La qualità cui tutti i chitarristi elettrici blues, o ispirati al blues, si erano scrupolosamente attenuti – almeno sino a tutti gli anni Cinquanta – era una sola: l’espressività. Per quanto molti fossero tecnicamente preparati – e alcuni, come Earl Hooker e Johnny “Guitar” Watson, indubbiamente lo erano – restava in loro una specie di pudore, che impediva di superare certi limiti: gli assolo restavano confinati nelle 12 battute del giro blues standard, e sempre attenendosi alle tecniche di marca RNB.
La rivoluzione che colpisce la chitarra blues si manifesta, non a caso, proprio all’inizio degli anni Sessanta: e, sempre non casualmente, è accesa da un bianco dell’Indiana. Lonnie McIntosh (1941-2016) inizia a suonare a sette anni, ispirato dai grandi country singer che ascolta fino allo sfinimento, con la radio nascosta sotto le lenzuola: i primi insegnamenti arrivano dalla mamma (musicista country), da un cantate non vedente di gospel, da un vecchio bluesman di colore, e dal fingerpicking di Merle Travis. Accerchiato da tanti stimoli, il tredicenne Lonnie non ha più scampo, e lascia la scuola per tentare la carriera professionista.
Dopo alcune incisioni in qualità di session man, e la solita trafila nelle bettole del Midwest, nel 1960 la Lonnie McIntosh band rinasce sotto le spoglie di Lonnie Mack & The Twilighters. Assunti dalla piccola Fraternity Records di Cincinnati come house band, vi restano per circa tre anni, mentre scalpitano in cerca della strada per il successo.
L’occasione buona arriva quasi per caso: il 12 Marzo 1963, nella pausa di un lavoro su commissione, Lonnie si lancia in uno strumentale di sapore blues, basato sul giro armonico di “Memphis, Tennessee” di Chuck Berry.

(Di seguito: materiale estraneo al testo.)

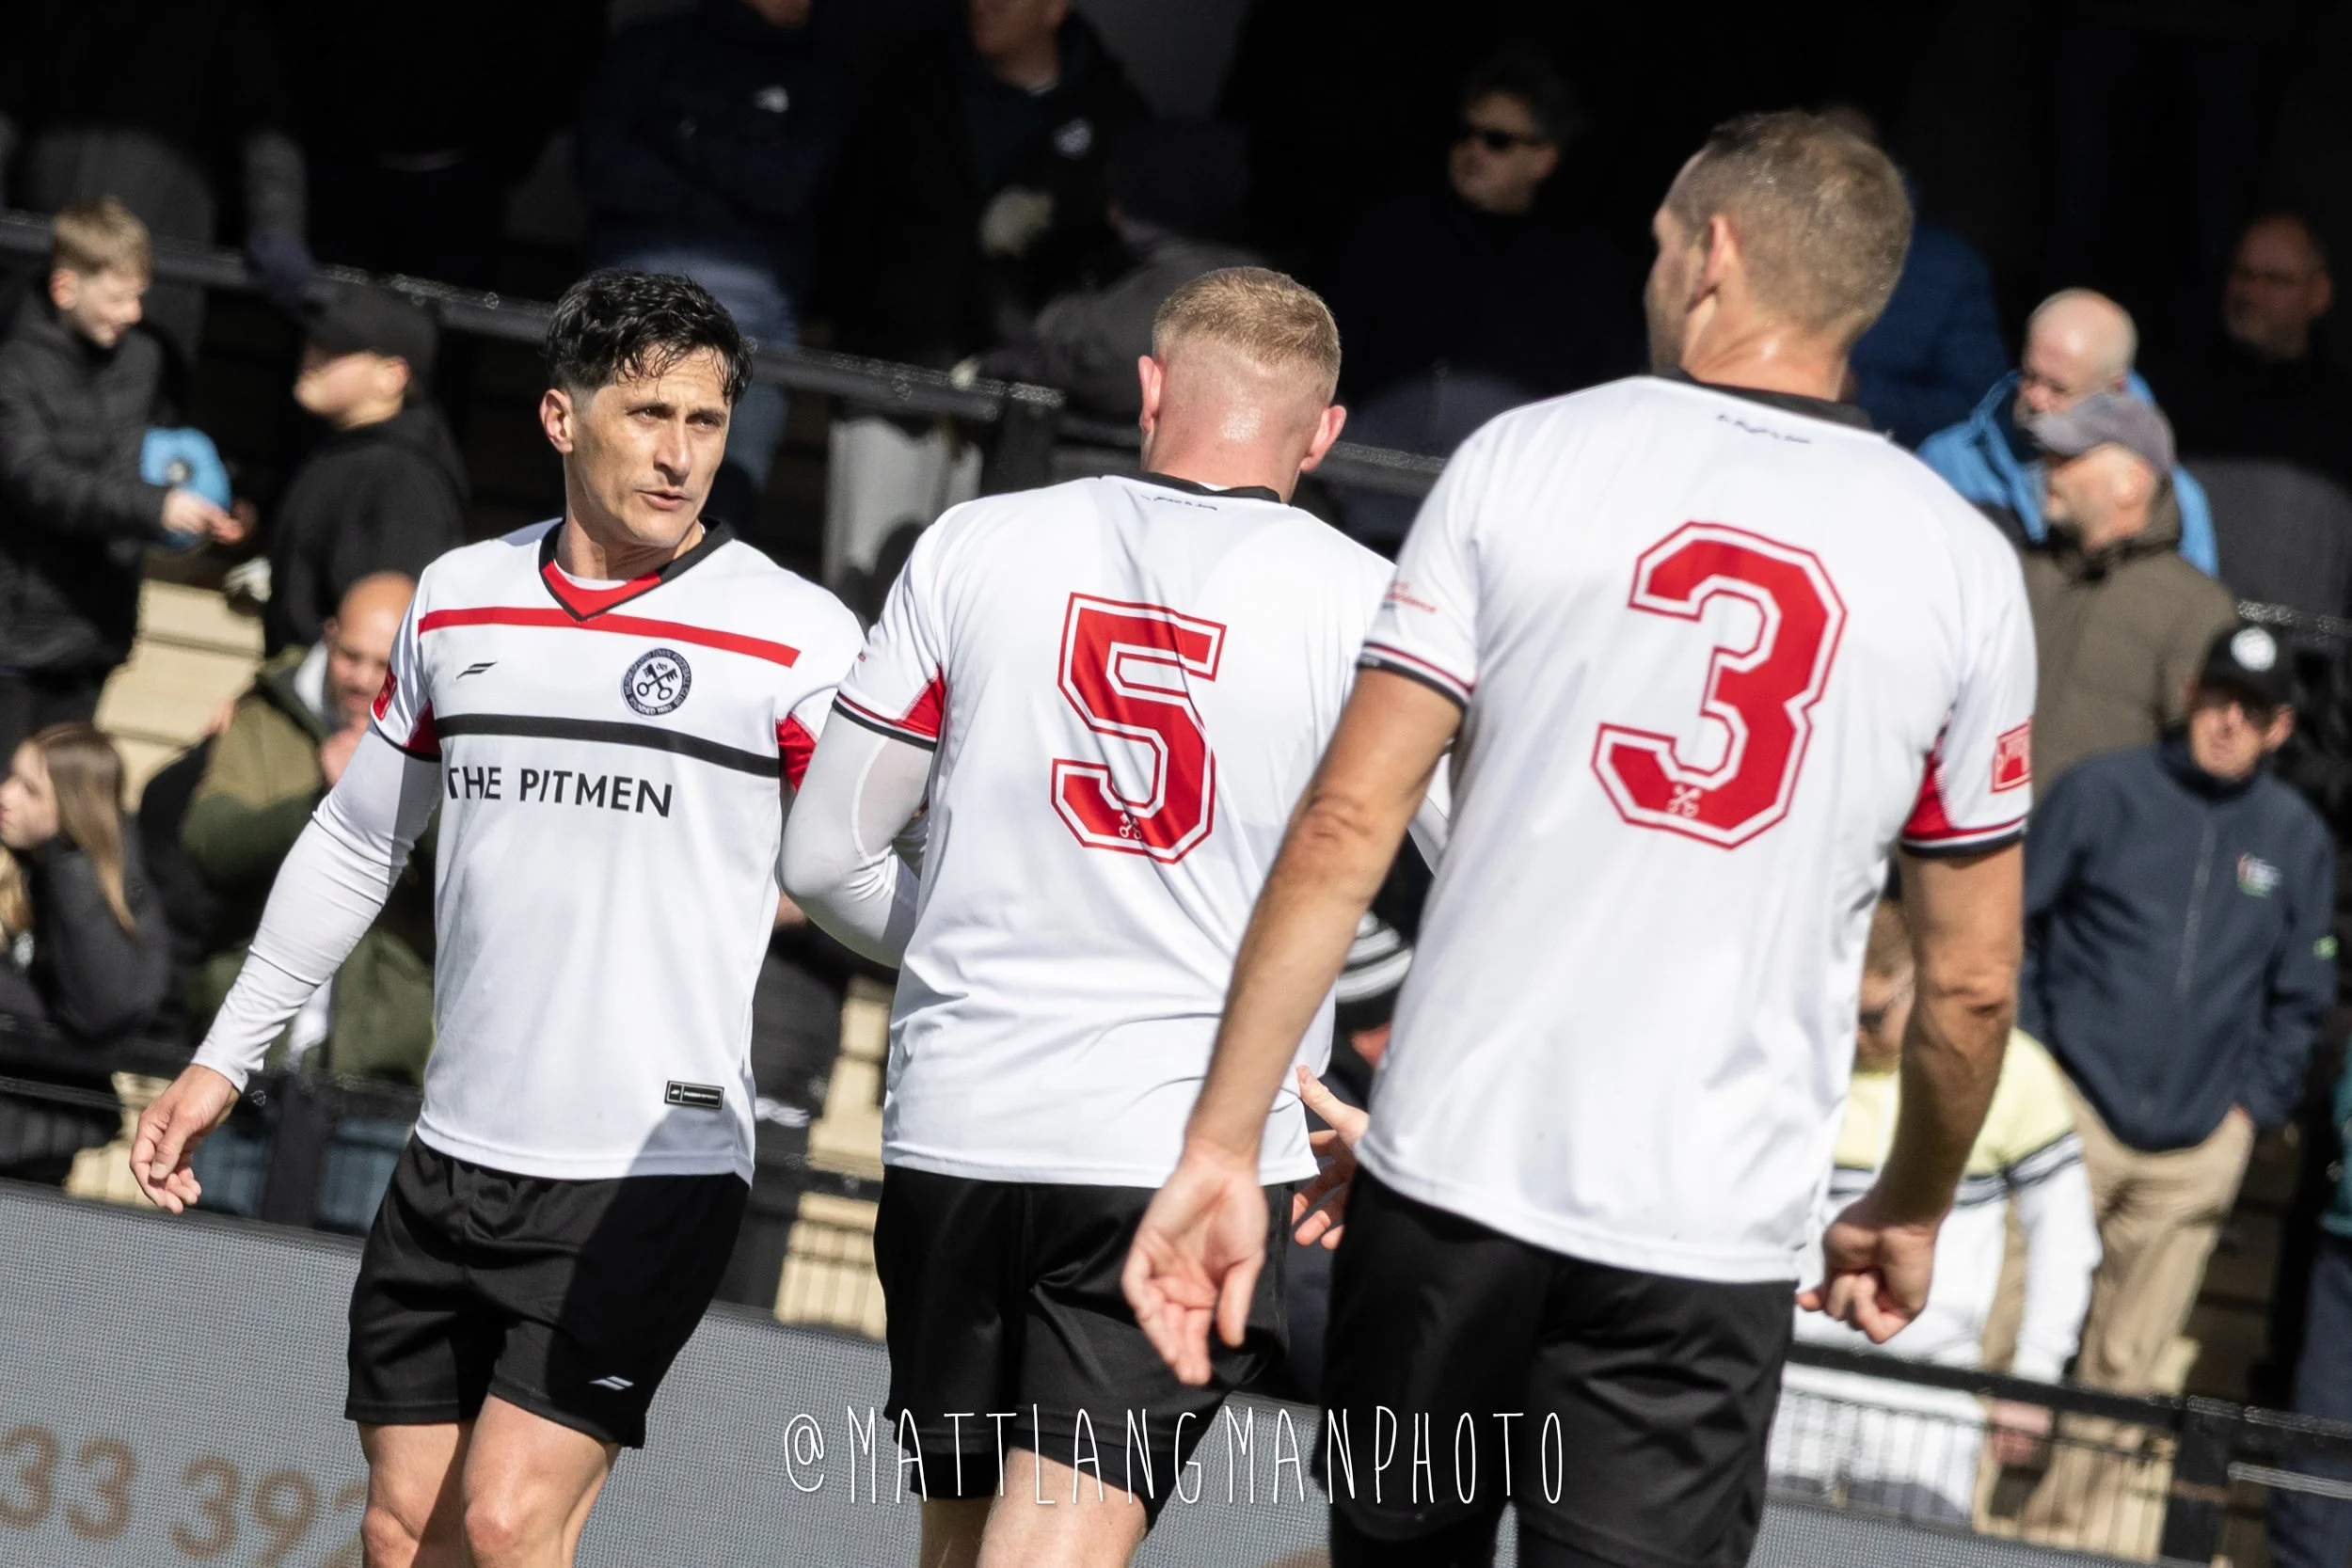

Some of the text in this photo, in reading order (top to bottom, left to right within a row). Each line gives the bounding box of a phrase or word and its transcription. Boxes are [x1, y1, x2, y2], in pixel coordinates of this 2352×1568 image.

[447, 766, 673, 818] THE PITMEN
[1050, 591, 1228, 864] 5
[1590, 520, 1848, 850] 3

Per Lonnie la cosa non merita troppe attenzioni, ma la Fraternity Records non è dello stesso avviso, e pubblica il nastro a sua insaputa col titolo di “Memphis”. Intuizione felicissima: “Memphis”, a Giugno, è al quarto posto della hit RNB, e al quarto di quella pop: risultato eccezionale, per uno strumentale [1].
“Memphis” è rivoluzionario: uno sbalorditivo unicum di calore espressivo, gusto melodico, disinvoltura esecutiva e perfezione tecnica… Una performance veloce, precisa, incisiva e calda, in cui Mack, percorrendo la tastiera in lungo e in largo, e attingendo a tutte le tecniche esistenti (bicordi, bending e legati), esplora le 12 battute del giro armonico blues per sei volte consecutive: una prova che annulla secoli di tradizione per avventurarsi nei moderni territori dell’improvvisazione e della dilatazione strumentale.

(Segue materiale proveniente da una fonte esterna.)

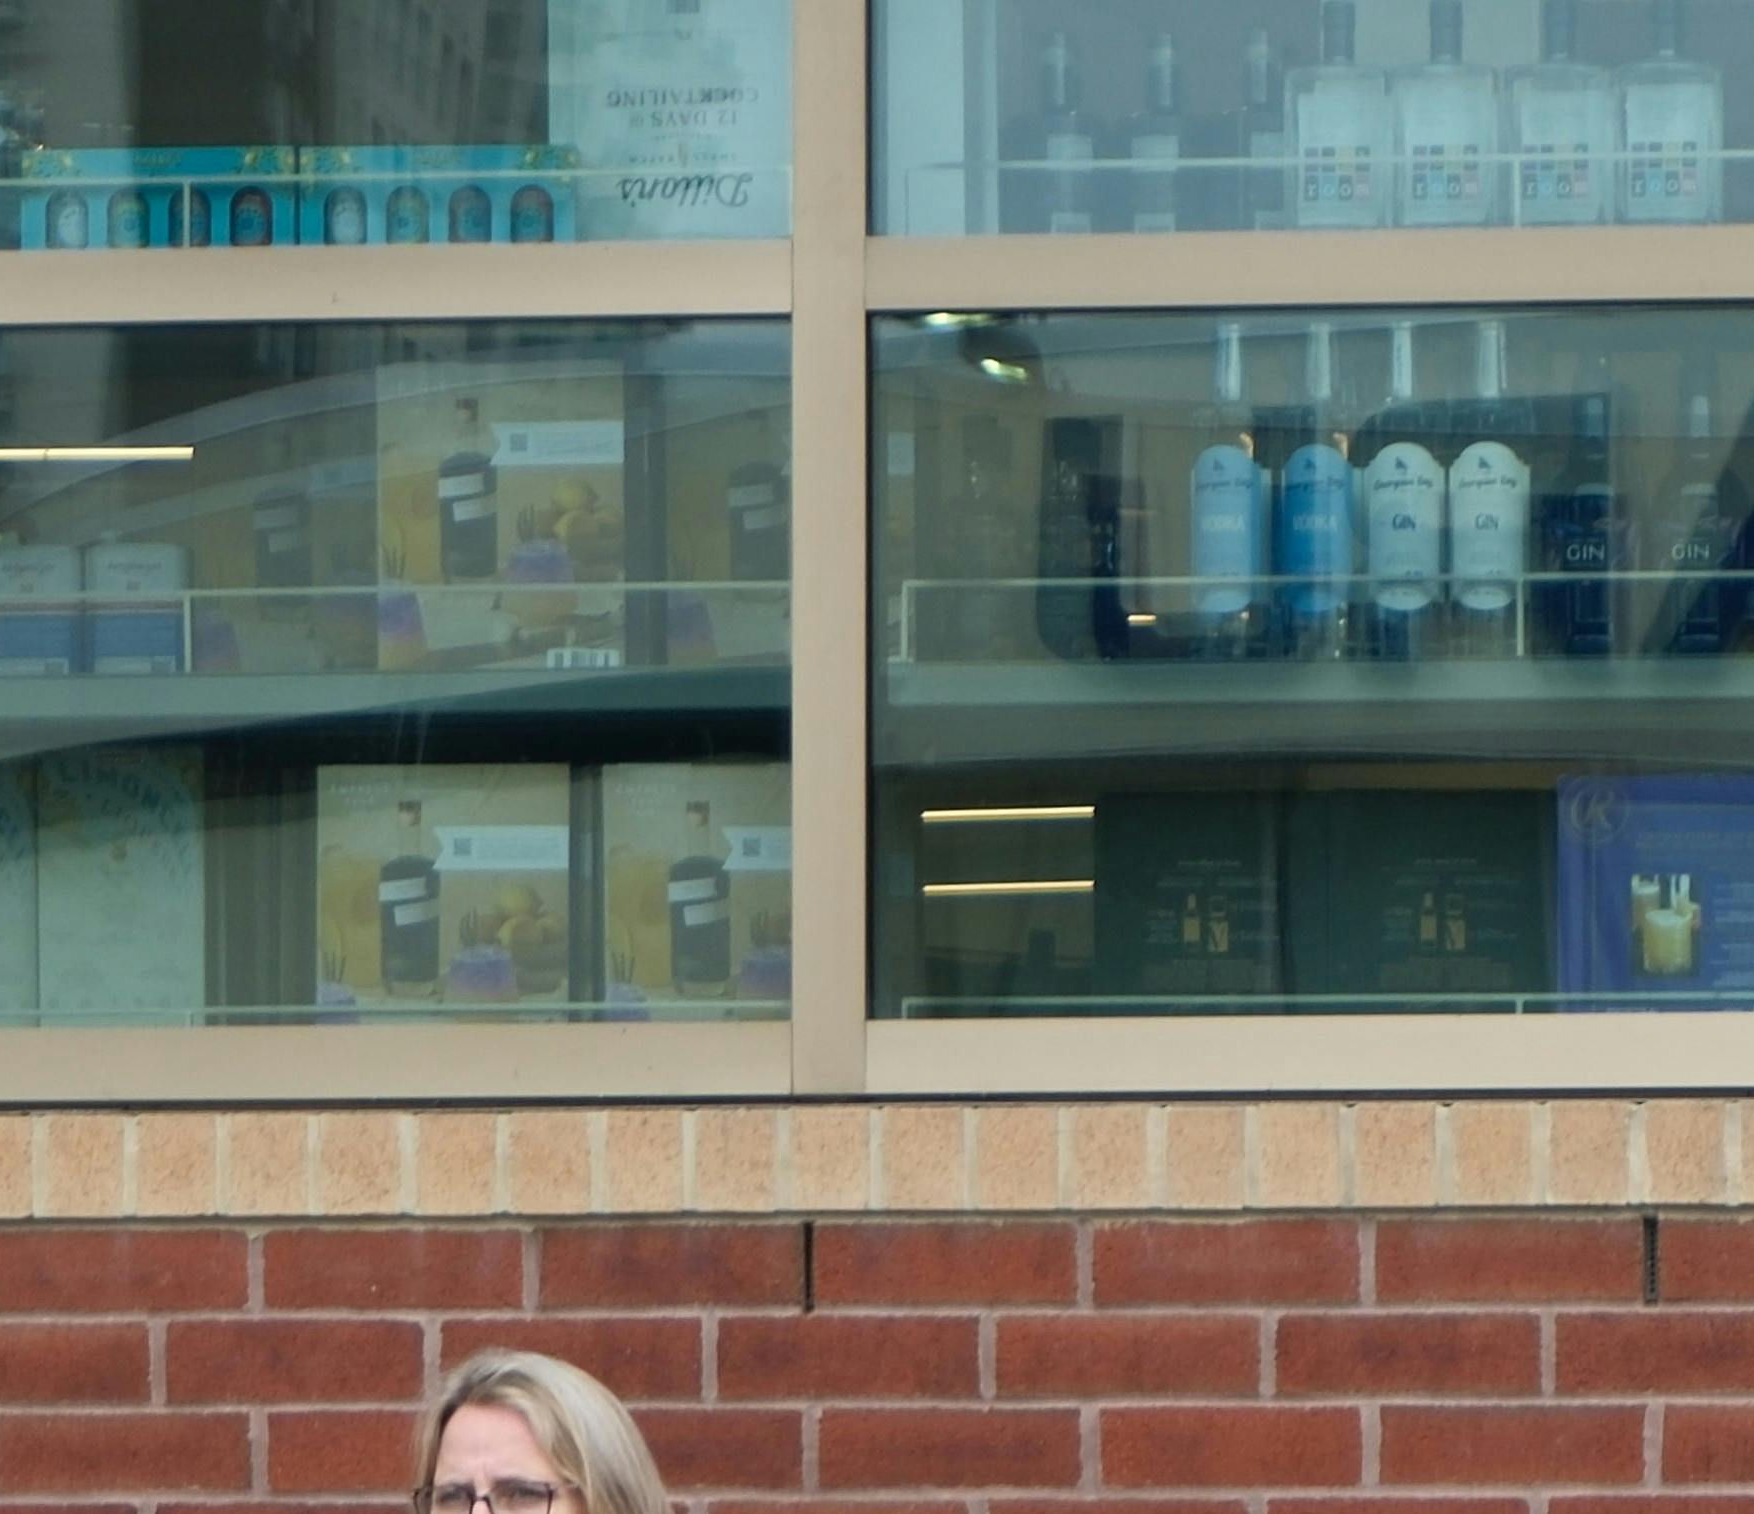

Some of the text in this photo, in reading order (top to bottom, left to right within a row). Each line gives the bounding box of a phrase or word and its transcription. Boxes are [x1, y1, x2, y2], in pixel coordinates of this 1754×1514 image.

[606, 86, 760, 109] COCKTAILING
[650, 110, 708, 128] DAYS
[716, 109, 738, 127] 12
[616, 172, 755, 208] Dillon's
[1565, 544, 1606, 561] GIN
[1670, 543, 1710, 560] GIN

Nel ’63, scoperta la propria vocazione, Lonnie pubblica altri singoli di derivazione rhythm’n’blues, come “Chicken pickin’”, la cover di “Suzie Q”, e soprattutto “Wham!”, strumentale di ispirazione gospel di buon successo: brani poi raccolti nell’album “The Wham of that Memphis man!” (1964). Nei live Lonnie dà fiato alle corde vocali: e ha una voce intensa e profonda, comunicativa e calda. Al pari degli strumentali blues, le sue canzoni di marca country-gospel – “Where there’s a will” in particolare – impressionano mezzo Sud, e ne fanno un eroe del cosiddetto “blue-eyed soul”, il gospel cantato da bianchi.
Lonnie sembra avere le porte spalancate: ma, durante un’intervista a una black radio di Birmingham, Alabama, capita il fattaccio. Il dj, quando vede entrare l’ospite, esclama un rancoroso “Baby, you’re the wrong color”, e cancella l’appuntamento: uno strano caso di razzismo a colori invertiti. Di colpo Mack diventa un reietto: alla fine del ‘64, a poco più di un anno dal fulminante esordio, la stella di Lonnie deve già cedere ai nuovi miti in arrivo da oltre Atlantico, e accontentarsi di fare battaglia di retroguardia, alternando temporanei ritorni di fiamma a lunghi blackout… Ma la sua influenza sul mondo del blues e del rock non termina certo qui.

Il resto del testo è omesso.